Prompt: A verbatim copy of the line containing "this 1200×1600 image." and all lines after it, up to and including the final line of the records, is the only acceptable output.

(Beginning of Supplied material)

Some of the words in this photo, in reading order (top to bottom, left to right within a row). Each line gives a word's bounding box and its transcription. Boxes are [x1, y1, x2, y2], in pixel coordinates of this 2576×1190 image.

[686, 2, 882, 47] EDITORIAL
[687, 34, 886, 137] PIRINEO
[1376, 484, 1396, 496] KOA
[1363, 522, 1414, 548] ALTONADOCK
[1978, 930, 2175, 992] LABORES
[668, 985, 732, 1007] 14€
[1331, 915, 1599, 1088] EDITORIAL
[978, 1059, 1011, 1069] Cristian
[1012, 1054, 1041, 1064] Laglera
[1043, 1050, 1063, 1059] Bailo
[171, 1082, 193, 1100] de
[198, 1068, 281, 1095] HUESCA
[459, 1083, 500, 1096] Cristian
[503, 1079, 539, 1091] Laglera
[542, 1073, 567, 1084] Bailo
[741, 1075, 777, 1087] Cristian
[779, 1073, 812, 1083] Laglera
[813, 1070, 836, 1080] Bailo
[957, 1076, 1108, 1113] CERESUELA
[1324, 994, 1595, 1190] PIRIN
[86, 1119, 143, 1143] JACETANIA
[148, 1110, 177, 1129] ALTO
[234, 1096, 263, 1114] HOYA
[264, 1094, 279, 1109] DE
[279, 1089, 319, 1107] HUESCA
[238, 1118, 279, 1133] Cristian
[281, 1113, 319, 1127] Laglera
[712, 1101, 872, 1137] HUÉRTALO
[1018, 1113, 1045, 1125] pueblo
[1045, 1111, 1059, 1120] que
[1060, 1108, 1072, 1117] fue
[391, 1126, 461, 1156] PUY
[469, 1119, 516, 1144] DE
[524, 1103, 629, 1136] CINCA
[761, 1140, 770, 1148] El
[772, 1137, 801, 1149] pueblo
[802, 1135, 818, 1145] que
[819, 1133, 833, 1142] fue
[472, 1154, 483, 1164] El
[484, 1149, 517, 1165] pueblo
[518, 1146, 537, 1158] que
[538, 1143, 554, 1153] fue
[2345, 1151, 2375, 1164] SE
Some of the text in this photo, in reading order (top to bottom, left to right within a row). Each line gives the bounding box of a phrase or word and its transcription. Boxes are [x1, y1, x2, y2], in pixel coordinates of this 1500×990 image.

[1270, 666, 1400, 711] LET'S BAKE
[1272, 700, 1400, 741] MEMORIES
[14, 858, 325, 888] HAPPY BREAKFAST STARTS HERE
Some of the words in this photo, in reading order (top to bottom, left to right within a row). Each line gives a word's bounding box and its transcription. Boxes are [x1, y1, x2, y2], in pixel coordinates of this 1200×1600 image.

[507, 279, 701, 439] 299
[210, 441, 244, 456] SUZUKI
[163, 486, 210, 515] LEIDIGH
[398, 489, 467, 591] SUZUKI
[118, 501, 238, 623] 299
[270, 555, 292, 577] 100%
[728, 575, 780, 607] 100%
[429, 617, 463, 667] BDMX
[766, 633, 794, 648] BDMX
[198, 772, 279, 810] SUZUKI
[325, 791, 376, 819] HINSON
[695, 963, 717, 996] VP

(End of Supplied material)

Solution to this task:
Some of the words in this photo, in reading order (top to bottom, left to right within a row). Each line gives a word's bounding box and its transcription. Boxes are [x1, y1, x2, y2], in pixel coordinates of this 1200×1600 image.

[507, 279, 701, 439] 299
[210, 441, 244, 456] SUZUKI
[163, 486, 210, 515] LEIDIGH
[398, 489, 467, 591] SUZUKI
[118, 501, 238, 623] 299
[270, 555, 292, 577] 100%
[728, 575, 780, 607] 100%
[429, 617, 463, 667] BDMX
[766, 633, 794, 648] BDMX
[198, 772, 279, 810] SUZUKI
[325, 791, 376, 819] HINSON
[695, 963, 717, 996] VP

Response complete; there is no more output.